This bridging role is what gave 70-398 a distinct position within the certification ecosystem. It did not fully belong to the world of legacy exams like 70-697, nor was it completely immersed in the modern ethos of Microsoft Endpoint Manager and . Instead, it straddled both worlds, asking candidates to understand how to manage traditional devices while also preparing them to consider mobility management, hybrid infrastructures, and cross-platform integration. It was a foreshadowing of what IT professionals would soon be required to master on a daily basis: environments where physical desktops, mobile devices, and cloud services must be orchestrated in harmony. By examining the exam’s design, we can see how Microsoft was preparing its community for a future that has since become reality.

The Strange but Prophetic Nature of the Exam

For many who took the exam, 70-398 felt unusual and difficult to categorize. Unlike the clear-cut objectives of other certifications, this one combined elements that seemed, at the time, to belong to different worlds. It was often referred to during its development as the EMS exam, highlighting Microsoft’s Enterprise Mobility Suite. This created confusion because candidates expected an exam deeply embedded in identity management, security policies, and mobility. Yet, the test also included significant content around Windows 10 deployment and device configuration, which made it feel like a hybrid of two different domains. To some, this blending of areas seemed strange, but in hindsight, it revealed Microsoft’s recognition that enterprises were on the cusp of a new era.

What appeared awkward in the moment has now come to be seen as prophetic. The blending of desktop deployment with enterprise mobility was not a mismatch, but a realistic portrayal of what enterprises would eventually experience. Co-management, hybrid identity, and tenant attach were not yet mainstream, but the seeds were planted in this exam. Professionals who passed 70-398 may not have appreciated it fully at the time, but they were being equipped with a mindset that would later prove invaluable. The strange combination was essentially an early lesson in adaptability, showing that device management would no longer be a siloed discipline but one woven together with security, mobility, and cloud-native approaches.

The exam also pushed candidates to think more holistically about IT. It was not enough to configure a Windows 10 device or manage a domain; the true test lay in envisioning how devices, users, applications, and policies would work together in a unified fabric. This demanded a level of foresight that many professionals did not anticipate but would later find essential as digital transformation accelerated across industries. The prophetic nature of 70-398 lay in its insistence that professionals learn to navigate uncertainty and manage systems that did not yet fully exist but soon would.

The Overlap with 70-697 and the Shift Toward Modern Tools

Exam 70-697, Configuring Windows Devices, was more straightforward in its objectives. It focused on the core competencies required to install, configure, and maintain Windows 10 devices. In contrast, 70-398 overlapped with 70-697 in some areas but pushed further into future-facing content. This overlap created a dynamic where candidates often questioned whether they needed to take both exams, or if one was simply a modernized version of the other. In truth, 70-398 was not a replacement but an extension, guiding professionals into areas that would become increasingly relevant.

The eventual transition toward modern exams such as MD-101 illustrates how 70-398 set the stage. Concepts like Windows Autopilot, which now form the backbone of modern deployment, were not yet fully mature but were foreshadowed in the emphasis on planning and managing devices at scale. Similarly, Microsoft , which today is central to device management, was still finding its footing but was hinted at through objectives involving enterprise mobility and cloud-driven management. The overlap with 70-697 ensured that professionals were grounded in practical device configuration, but the expansion into mobility and hybrid strategies was what truly made 70-398 distinct.

This transition reflects the natural evolution of Microsoft certifications. As technologies mature, older exams fade, and new ones emerge, but the lineage can always be traced back to moments like this. The groundwork laid by 70-398 gave birth to the concepts that underpin MD-101 today. By looking back at the overlap and shift, we see that Microsoft was guiding professionals through the uncertainty of change, offering them a structure to prepare for technologies that were still crystallizing. For those preparing today, understanding this history highlights how forward-thinking the certification process truly is.

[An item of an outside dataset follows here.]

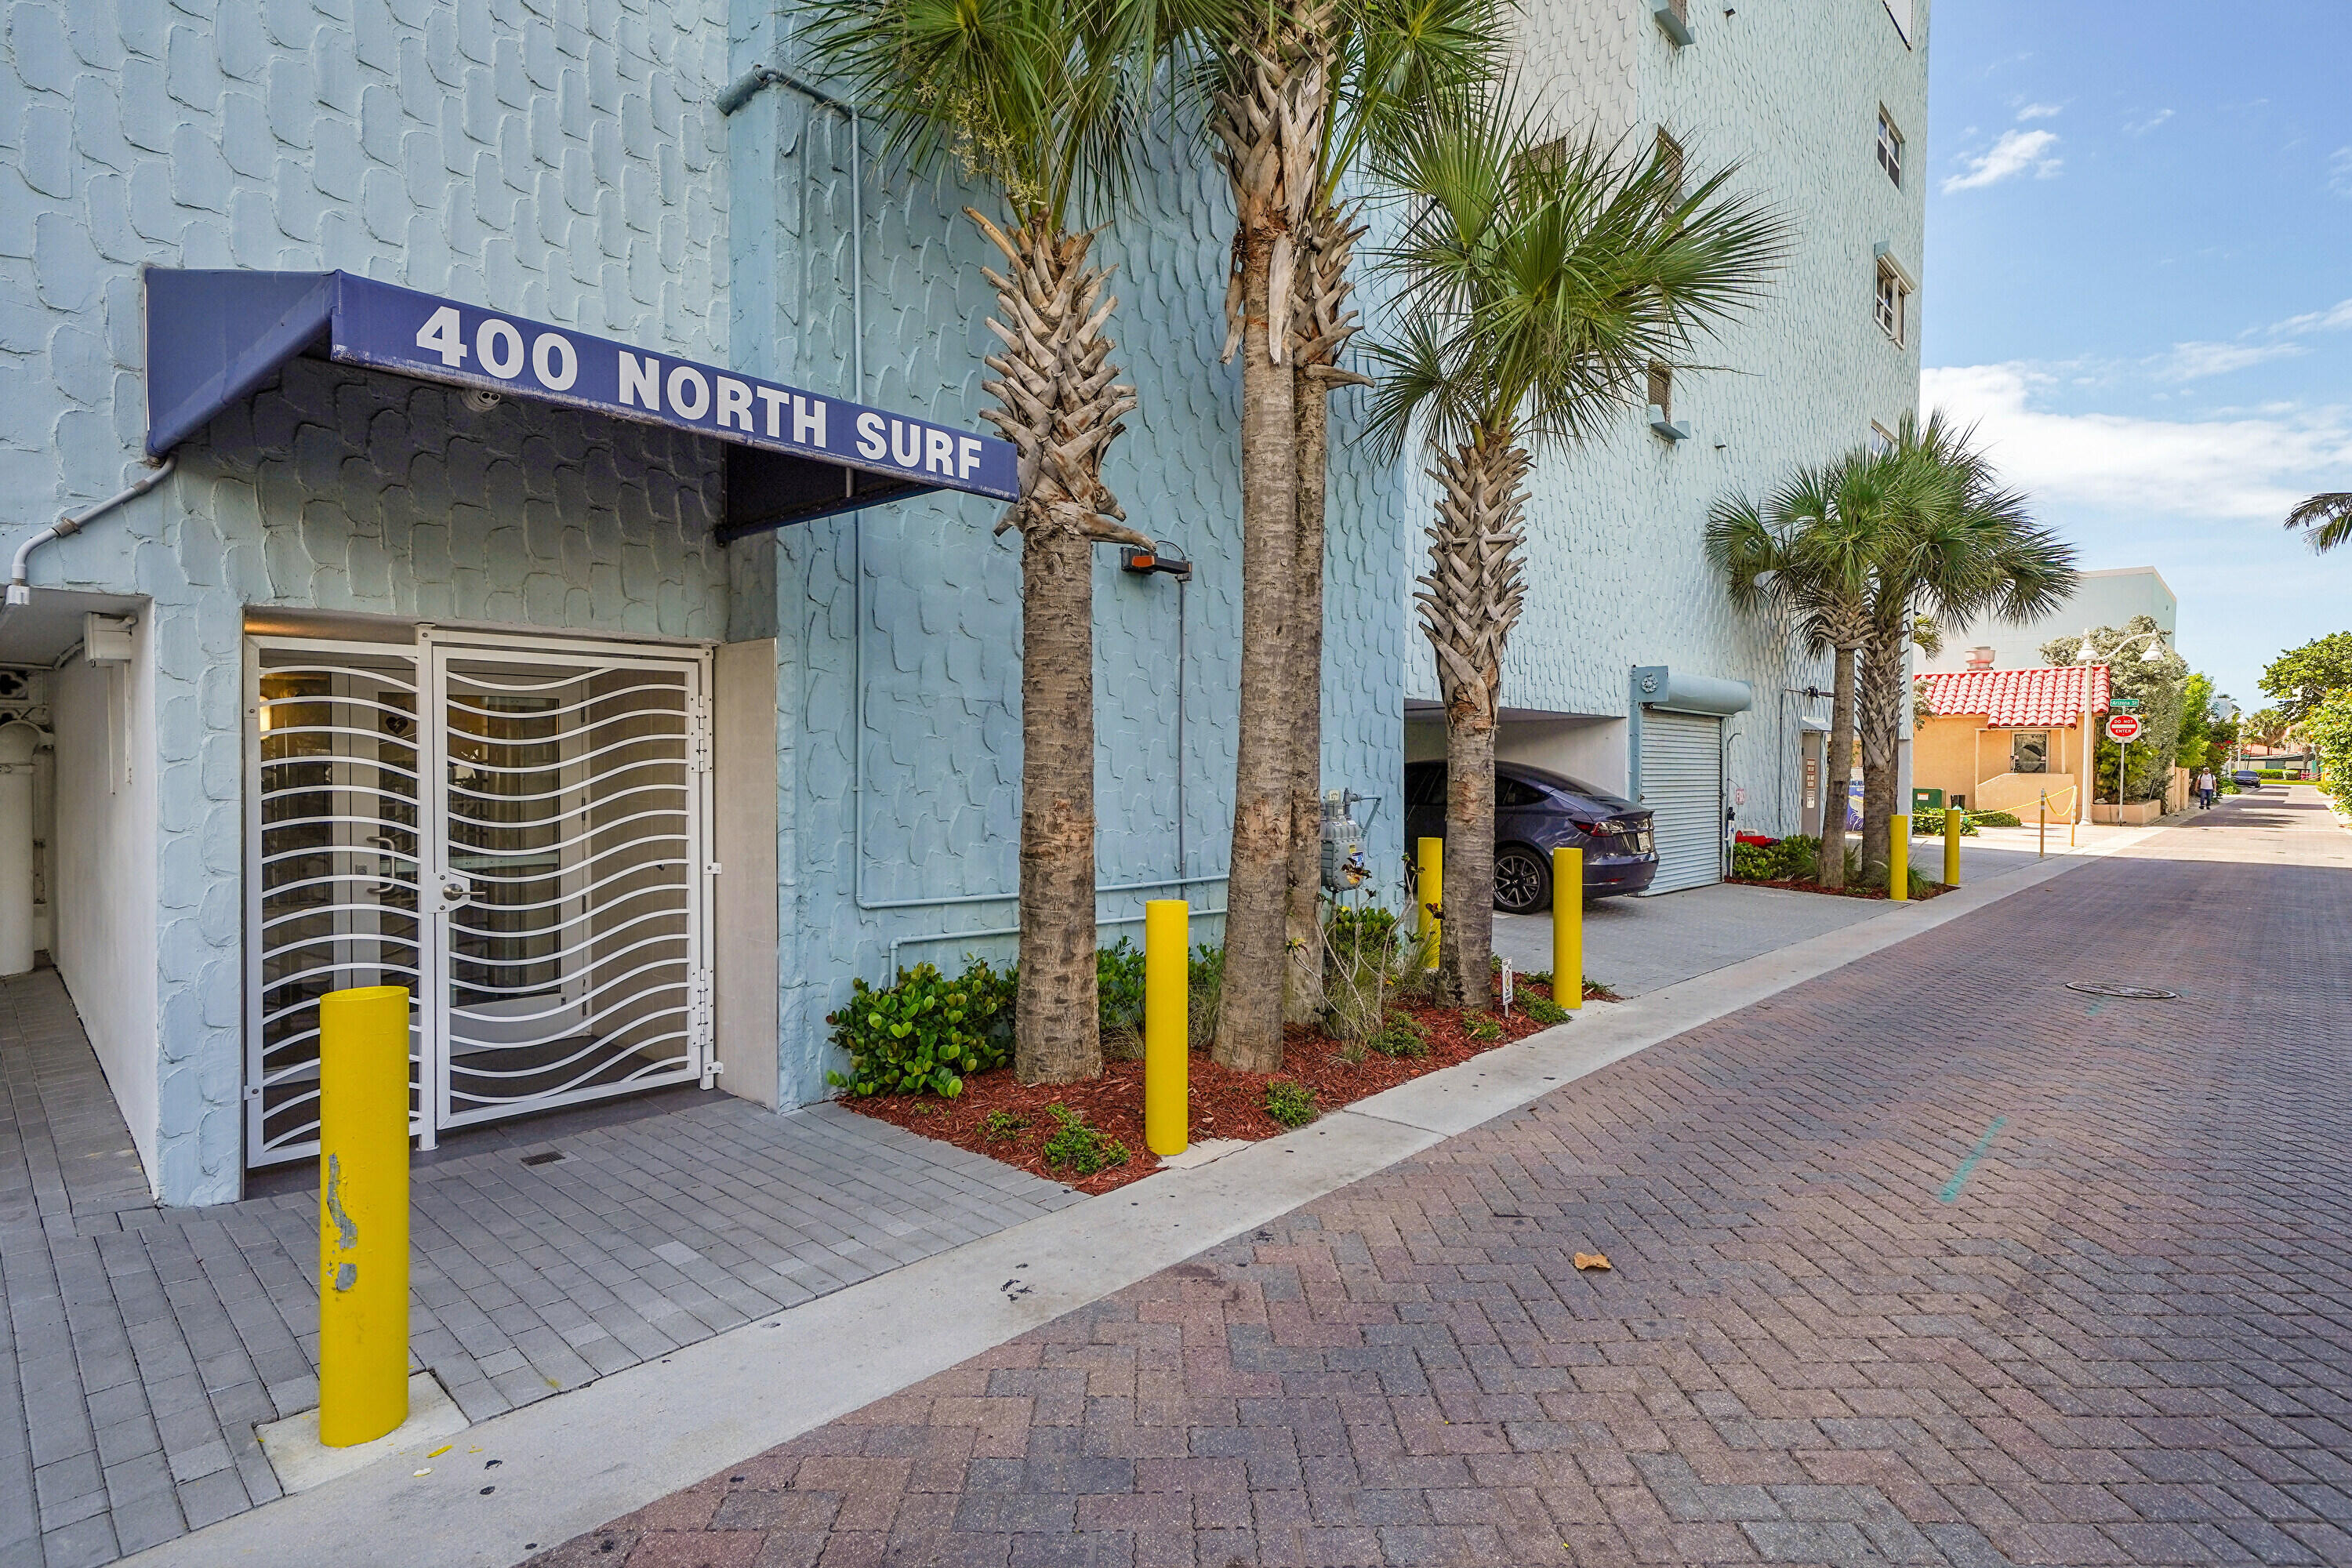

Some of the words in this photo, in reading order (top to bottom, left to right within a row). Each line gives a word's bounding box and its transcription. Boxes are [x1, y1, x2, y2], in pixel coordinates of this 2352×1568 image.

Why This Evolution Matters for Professionals Today

For modern IT professionals, the legacy of 70-398 carries important lessons. It demonstrates that certifications are not just about validating current skills, but also about preparing for future realities. Those who invested their time in mastering the unusual content of 70-398 found themselves better positioned when co-management, , and Autopilot became the standard. The exam’s emphasis on bridging traditional and cloud-driven device management mirrors the daily experiences of today’s administrators who must manage hybrid infrastructures that blend on-premises and cloud resources seamlessly.

The importance of this evolution lies in its illustration of adaptability as a core professional skill. Technology shifts rapidly, and professionals who cling only to familiar tools are often left behind. By engaging with forward-looking content, even when it feels strange or mismatched, IT professionals cultivate resilience. They learn to anticipate shifts, embrace uncertainty, and master tools that are not yet universally adopted but will become essential. This is why the trajectory from 70-398 to MD-101 is more than just a historical curiosity; it is a roadmap for how careers in IT evolve.

Here lies a deeper truth that resonates beyond the scope of certification. The story of 70-398 challenges us to recognize that our professional journeys are rarely linear. Just as the exam blended disparate domains, our careers often require us to balance the known with the unknown, the stable with the disruptive. This tension can feel uncomfortable, but it is also what drives growth. Professionals who embrace this duality not only succeed in passing exams but also position themselves as leaders in times of transition. By reflecting on the legacy of 70-398, we see that certification is not merely about memorizing objectives but about cultivating a mindset that thrives in the face of change.

In today’s world, where managing modern desktops involves balancing cloud integration, user experience, security, and scalability, the lessons of 70-398 are more relevant than ever. The exam’s legacy is a reminder that the tools may change, but the essence of the work remains the same: enabling people to be productive, secure, and connected in an increasingly complex digital landscape. This is why the evolution from 70-398 to MD-101 matters profoundly for anyone preparing for a career in desktop and device management today. It is not just a story of exams, but a narrative of how technology and human adaptability move forward together.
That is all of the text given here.